* **Directions**
Without changing a single character, write out every record below.

* **Provided material**
---*---
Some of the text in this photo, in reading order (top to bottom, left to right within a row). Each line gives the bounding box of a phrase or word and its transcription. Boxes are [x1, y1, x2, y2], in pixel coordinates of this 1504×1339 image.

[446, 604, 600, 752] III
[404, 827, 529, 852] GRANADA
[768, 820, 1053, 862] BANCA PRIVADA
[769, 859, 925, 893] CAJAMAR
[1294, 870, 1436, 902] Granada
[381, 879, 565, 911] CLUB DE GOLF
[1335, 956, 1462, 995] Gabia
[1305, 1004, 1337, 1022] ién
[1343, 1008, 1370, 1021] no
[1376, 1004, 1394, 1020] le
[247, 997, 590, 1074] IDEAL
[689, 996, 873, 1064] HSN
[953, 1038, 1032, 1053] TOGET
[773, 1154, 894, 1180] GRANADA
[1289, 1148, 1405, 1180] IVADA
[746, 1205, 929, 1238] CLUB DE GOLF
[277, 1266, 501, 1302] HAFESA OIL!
---*---
* **Answer for this exercise**
Some of the text in this photo, in reading order (top to bottom, left to right within a row). Each line gives the bounding box of a phrase or word and its transcription. Boxes are [x1, y1, x2, y2], in pixel coordinates of this 1504×1339 image.

[446, 604, 600, 752] III
[404, 827, 529, 852] GRANADA
[768, 820, 1053, 862] BANCA PRIVADA
[769, 859, 925, 893] CAJAMAR
[1294, 870, 1436, 902] Granada
[381, 879, 565, 911] CLUB DE GOLF
[1335, 956, 1462, 995] Gabia
[1305, 1004, 1337, 1022] ién
[1343, 1008, 1370, 1021] no
[1376, 1004, 1394, 1020] le
[247, 997, 590, 1074] IDEAL
[689, 996, 873, 1064] HSN
[953, 1038, 1032, 1053] TOGET
[773, 1154, 894, 1180] GRANADA
[1289, 1148, 1405, 1180] IVADA
[746, 1205, 929, 1238] CLUB DE GOLF
[277, 1266, 501, 1302] HAFESA OIL!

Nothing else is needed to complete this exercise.